AIには、自分の生活事情や、その日の体調、職場や家庭の細かな事情まではわからないからです。
AIの回答はあくまで判断材料として利用しましょう。
「全部やる」ことを前提にしない
AIに整理してもらうと、きれいなリストが完成します。
そこで安心してしまい、「では、このリストを全部終わらせよう」と考えてしまうかもしれません。
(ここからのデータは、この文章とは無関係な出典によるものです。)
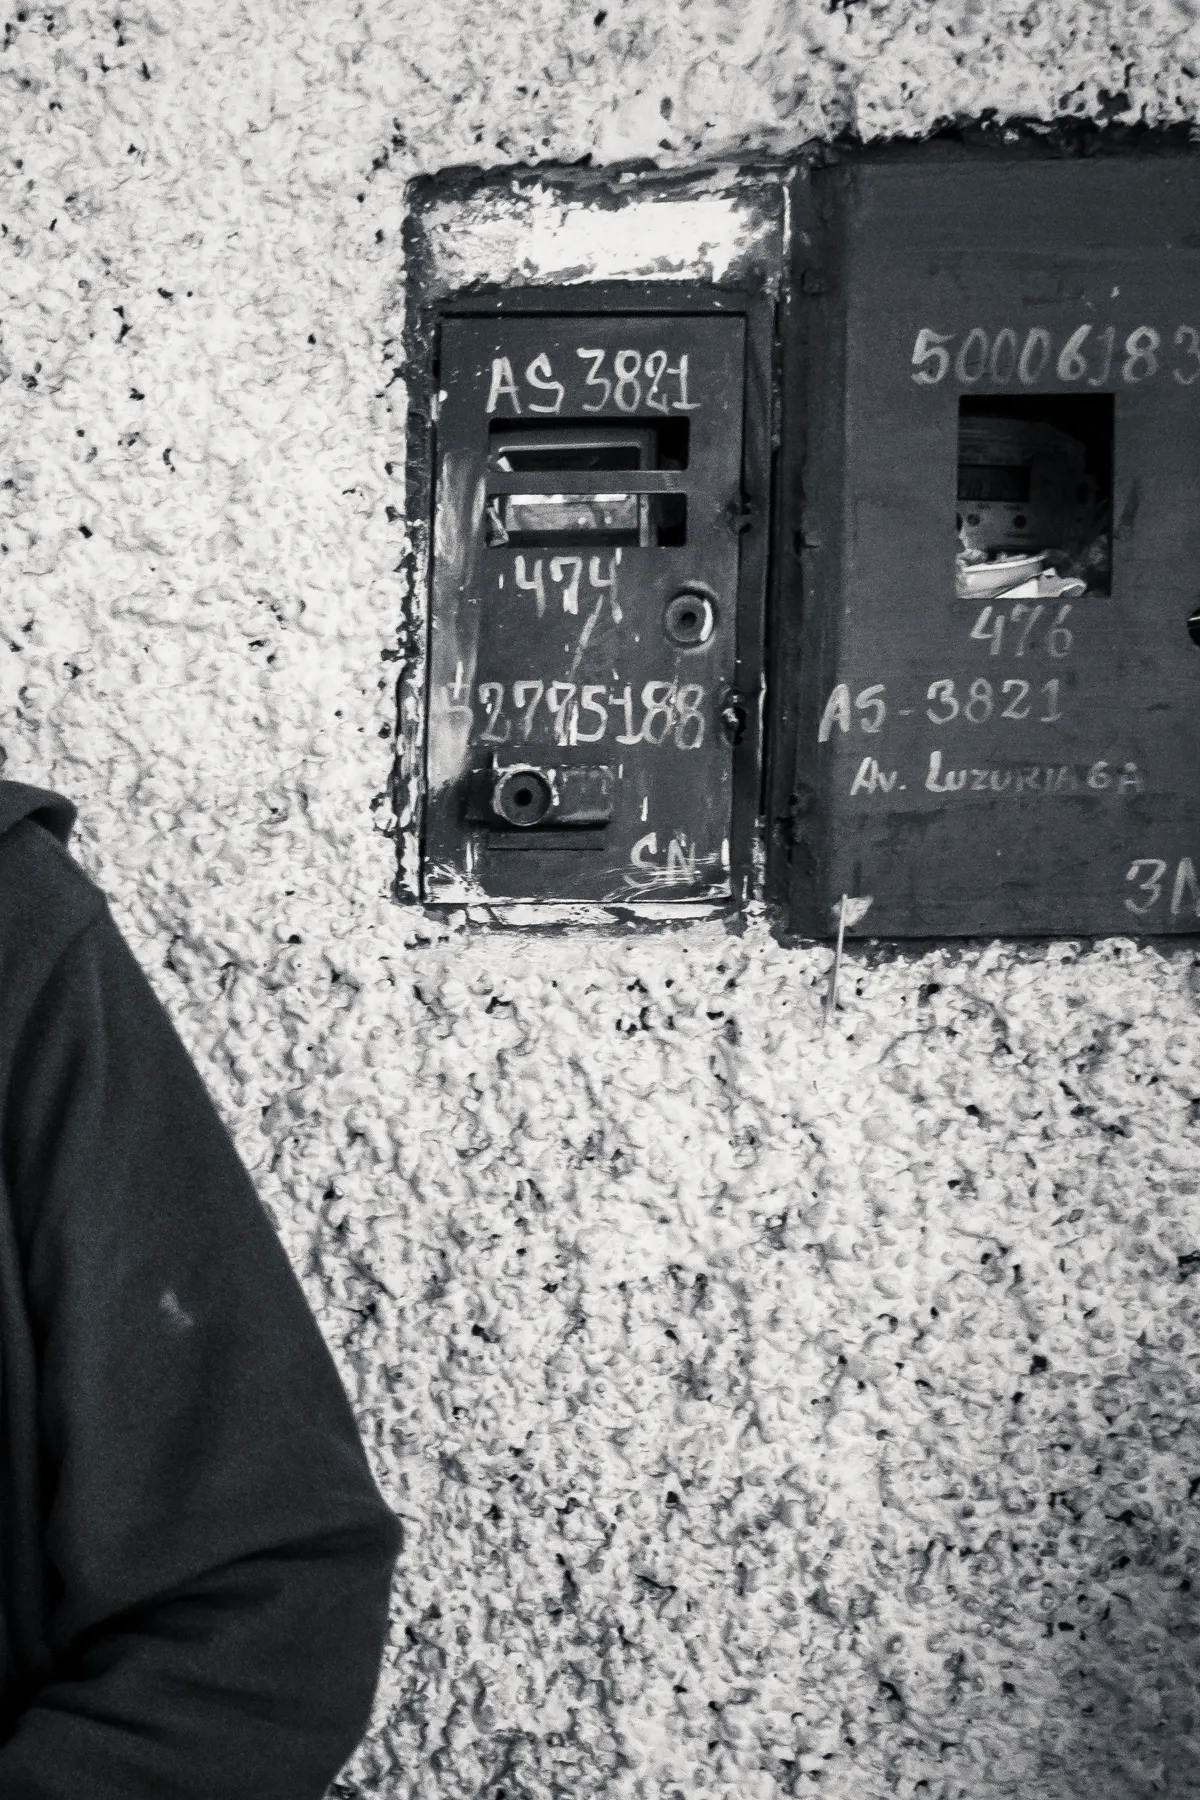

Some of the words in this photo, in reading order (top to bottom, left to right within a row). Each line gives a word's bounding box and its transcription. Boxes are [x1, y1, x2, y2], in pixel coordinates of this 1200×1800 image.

[486, 353, 564, 414] AS
[576, 348, 700, 414] 3821
[515, 555, 624, 624] 474
[970, 604, 1073, 658] 476
でも、整理する目的は「全部こなすこと」ではありません。
本当に必要なことを見つけ、必要でないことを手放すことも整理の一部です。
AIに整理してもらうときのコツは「全部決めてもらわない」こと
「やることが多すぎる」と感じたとき、私たちはつい、
「どうやったら全部終わらせられる?」
と考えてしまいます。
でも、AIを使うなら、少し考え方を変えてみてもいいでしょう。
「そもそも何がある?」
↓
「どれが急ぎ?」
↓
「後回しにできるものは?」
↓
「誰かに頼めるものは?」
↓
「本当にやる必要がある?」
と順番に整理していきます。
AIは、この「仕分け作業」を手伝ってくれます。
そして最後に、
「じゃあ、今日はこれをやろう」
と決めるのは自分です。
AIに生活を管理してもらう必要はありません。
むしろ、AIには頭の中の散らかった情報を見やすく並べ替えてもらうくらいが、ちょうどいい使い方なのかもしれません。
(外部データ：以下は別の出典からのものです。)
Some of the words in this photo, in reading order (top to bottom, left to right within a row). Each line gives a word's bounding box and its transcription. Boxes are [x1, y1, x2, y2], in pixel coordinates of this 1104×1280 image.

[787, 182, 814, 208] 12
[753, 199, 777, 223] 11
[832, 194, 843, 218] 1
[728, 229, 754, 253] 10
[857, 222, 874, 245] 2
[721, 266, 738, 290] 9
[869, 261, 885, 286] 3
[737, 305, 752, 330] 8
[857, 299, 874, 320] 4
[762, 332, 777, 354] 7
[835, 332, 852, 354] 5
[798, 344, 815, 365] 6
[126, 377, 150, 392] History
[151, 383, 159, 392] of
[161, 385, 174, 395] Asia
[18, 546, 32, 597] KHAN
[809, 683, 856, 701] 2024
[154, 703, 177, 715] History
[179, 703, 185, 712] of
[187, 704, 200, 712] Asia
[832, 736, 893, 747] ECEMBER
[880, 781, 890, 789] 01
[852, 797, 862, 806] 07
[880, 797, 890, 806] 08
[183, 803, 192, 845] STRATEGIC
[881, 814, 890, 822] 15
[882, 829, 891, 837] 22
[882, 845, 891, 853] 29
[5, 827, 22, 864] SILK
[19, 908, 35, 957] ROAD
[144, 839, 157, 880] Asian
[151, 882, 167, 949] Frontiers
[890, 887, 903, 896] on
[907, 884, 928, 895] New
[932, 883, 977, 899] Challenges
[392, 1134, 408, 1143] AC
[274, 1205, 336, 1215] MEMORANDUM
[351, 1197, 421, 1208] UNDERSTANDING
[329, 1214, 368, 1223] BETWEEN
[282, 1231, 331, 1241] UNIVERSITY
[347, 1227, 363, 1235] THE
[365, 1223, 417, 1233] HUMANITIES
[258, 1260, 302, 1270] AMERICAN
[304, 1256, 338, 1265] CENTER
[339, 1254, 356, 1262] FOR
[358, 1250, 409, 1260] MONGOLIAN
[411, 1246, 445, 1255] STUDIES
まとめ|AIに「やること」を任せるのではなく「頭の中」を整理してもらおう
「やることが多すぎて、何から始めればいいかわからない」。
そんなときは、いきなりToDoリストを完成させようとする必要はありません。
まずは、頭の中にあることを思いつくままAIに伝えてみましょう。
今回紹介した方法をまとめると、
- 頭の中にある「やること」を全部出す
- AIに種類ごとに分類してもらう
- 期限・重要度・負担感などを整理してもらう
- 後回しにできることや、人に頼めることを探す
- 本当にやる必要があるかを考える
- 今日取り組むことを少数に絞る
- 必要なら、最初の一歩まで小さく分解する
という流れです。
大切なのは、AIに全部を決めてもらうことではありません。
AIに整理を手伝ってもらうことで、頭の中にあった「あれもやらなきゃ、これもやらなきゃ」をいったん外に出し、自分で判断できる状態を作ることです。
「やることが多すぎる」と感じたら、まずは全部片づけようとしなくても大丈夫。
「とりあえず、頭の中をAIに整理してもらおう」
くらいの気軽さで試してみてください。